● Stored data entries:
....

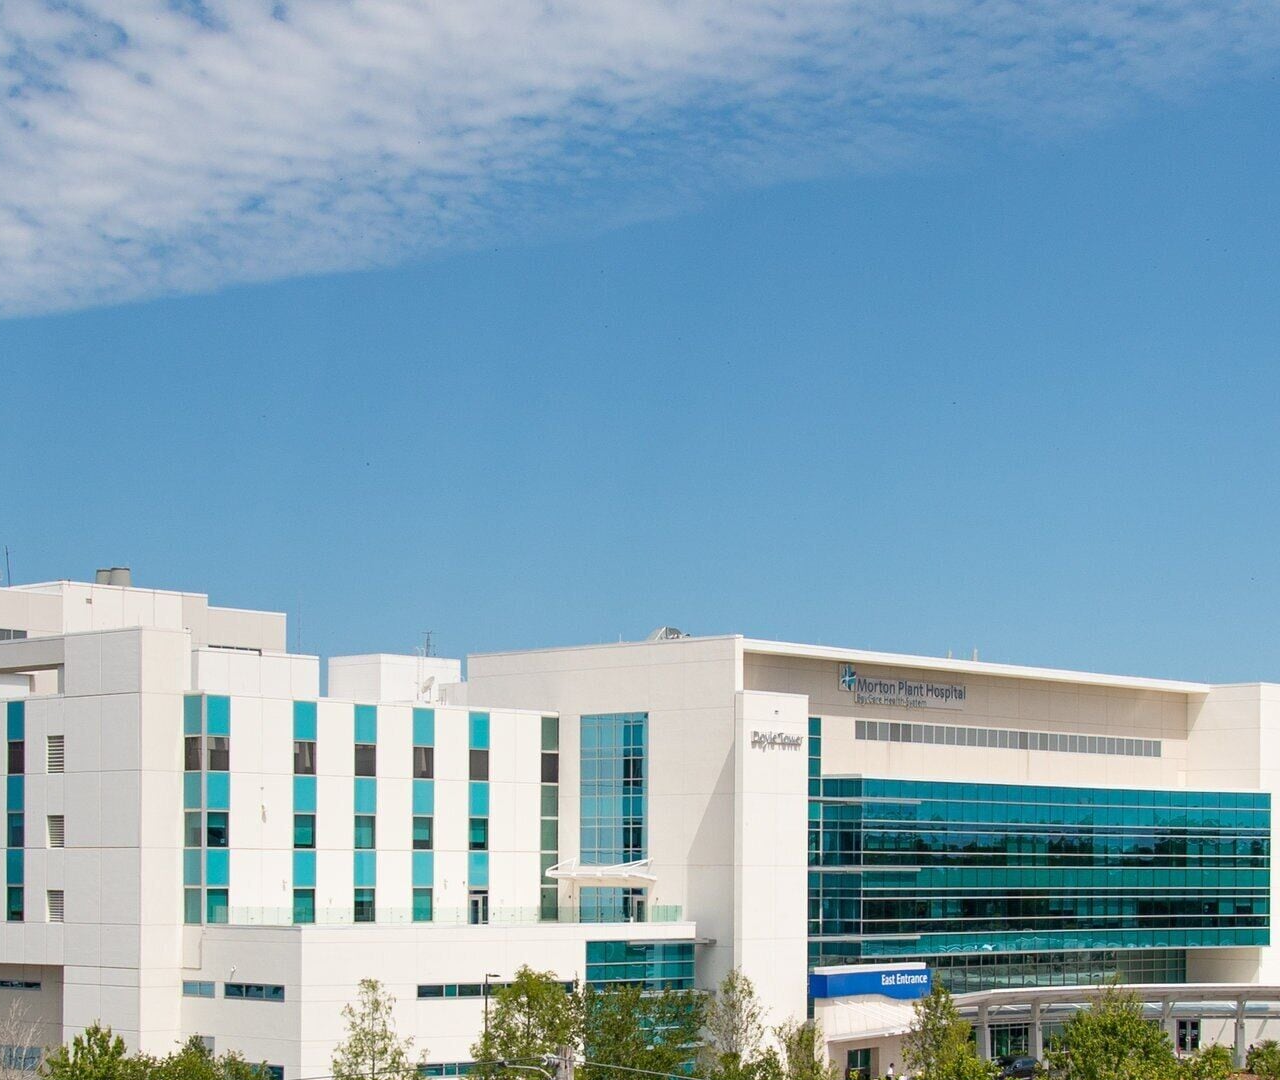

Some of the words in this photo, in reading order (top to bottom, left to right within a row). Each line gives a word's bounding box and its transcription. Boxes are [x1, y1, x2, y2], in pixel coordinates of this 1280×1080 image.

[857, 678, 896, 693] Morton
[898, 681, 924, 697] Plant
[926, 684, 966, 702] Hospital
[777, 732, 803, 745] Tower
[881, 974, 896, 986] East
[896, 973, 928, 985] Entrance
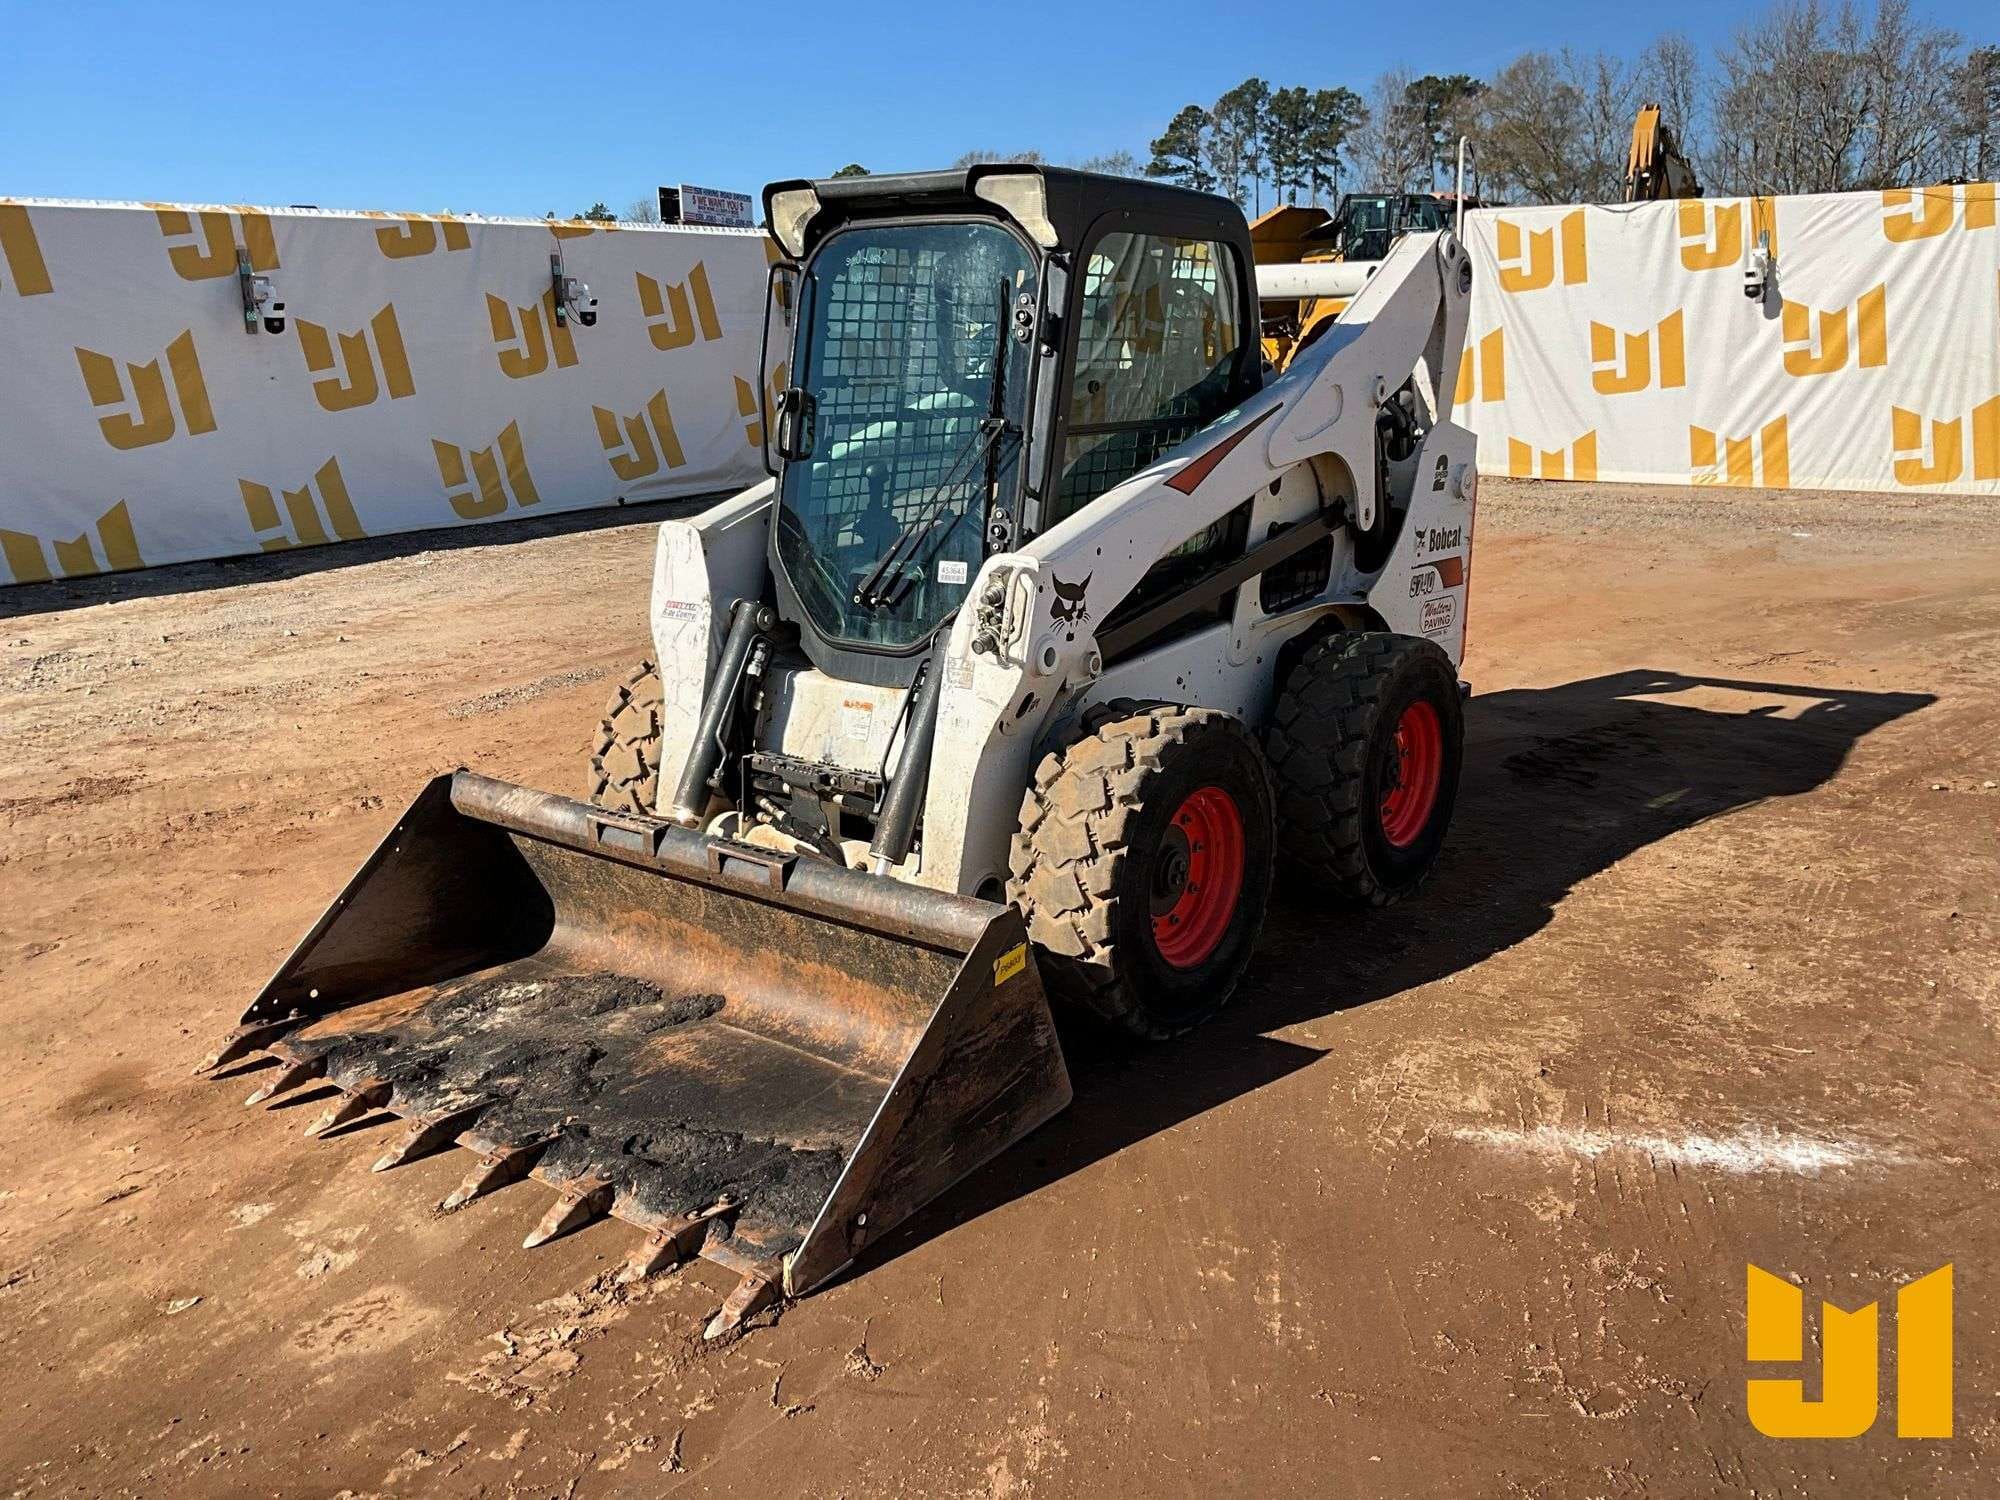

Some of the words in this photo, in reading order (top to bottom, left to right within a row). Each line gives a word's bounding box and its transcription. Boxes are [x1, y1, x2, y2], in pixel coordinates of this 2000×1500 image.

[697, 196, 707, 206] WE
[708, 197, 725, 208] WANT
[1428, 525, 1462, 552] Bobcat
[1424, 614, 1451, 631] PAVING
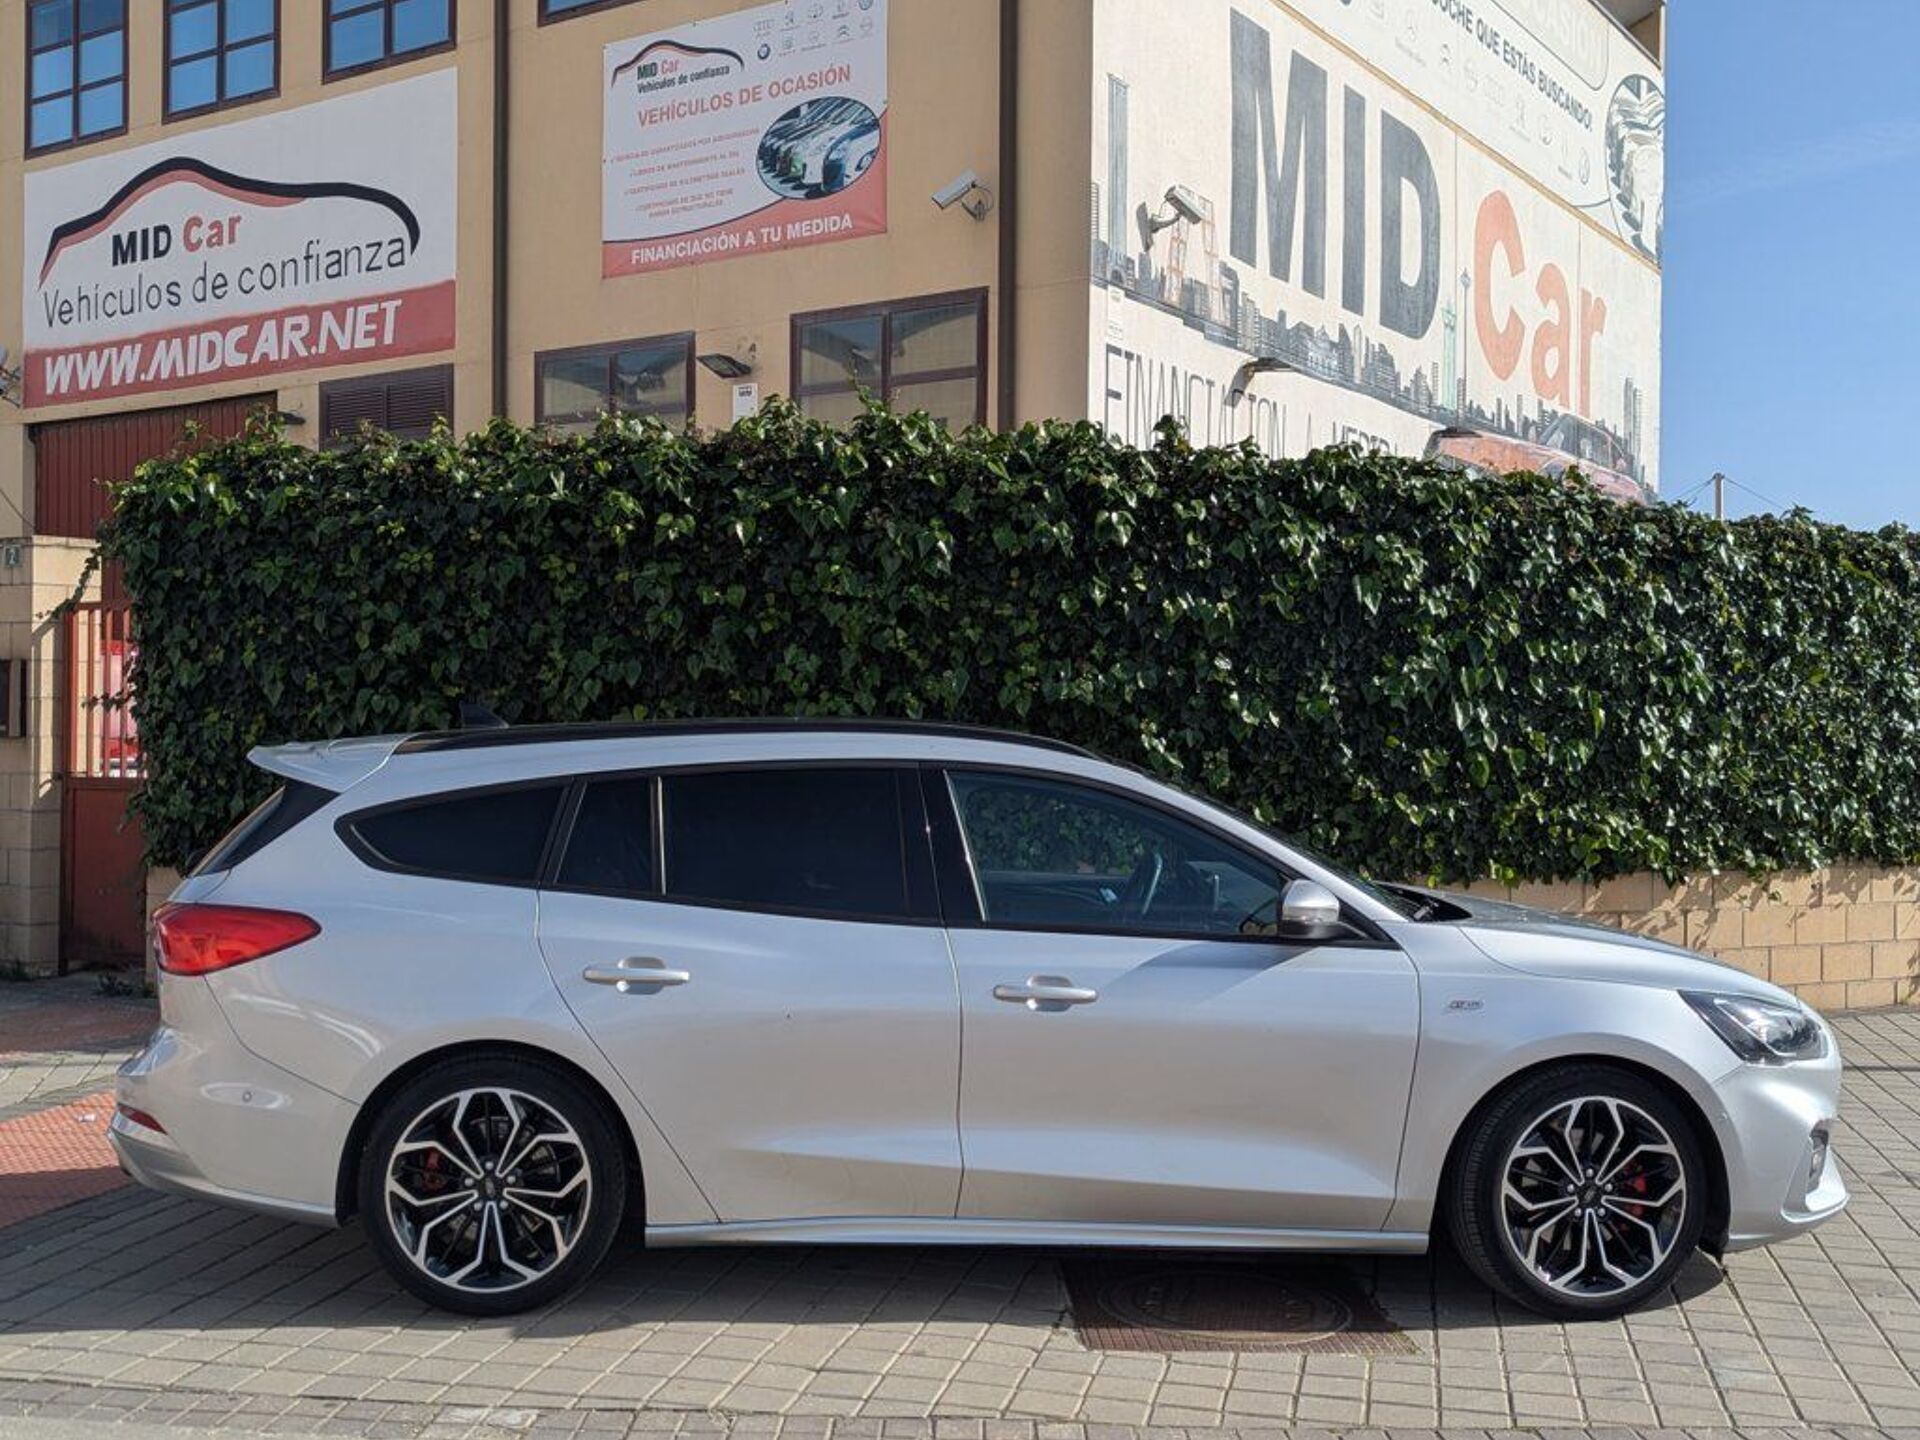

....

● Aim of the exercise: Pictures don't belong in the copy. Restate all the entries exactly.

● Answer for this exercise:
Some of the words in this photo, in reading order (top to bottom, left to right within a row). Each line gives a word's bounding box and its transcription. Boxes are [x1, y1, x2, y2], in pixel coordinates of this 1280×1080 image.

[857, 678, 896, 693] Morton
[898, 681, 924, 697] Plant
[926, 684, 966, 702] Hospital
[777, 732, 803, 745] Tower
[881, 974, 896, 986] East
[896, 973, 928, 985] Entrance

Some of the words in this photo, in reading order (top to bottom, left to right within a row). Each line gives a word's bounding box and its transcription. Boxes are [x1, y1, x2, y2], in pixel coordinates of this 2000×1500 image.

[697, 196, 707, 206] WE
[708, 197, 725, 208] WANT
[1428, 525, 1462, 552] Bobcat
[1424, 614, 1451, 631] PAVING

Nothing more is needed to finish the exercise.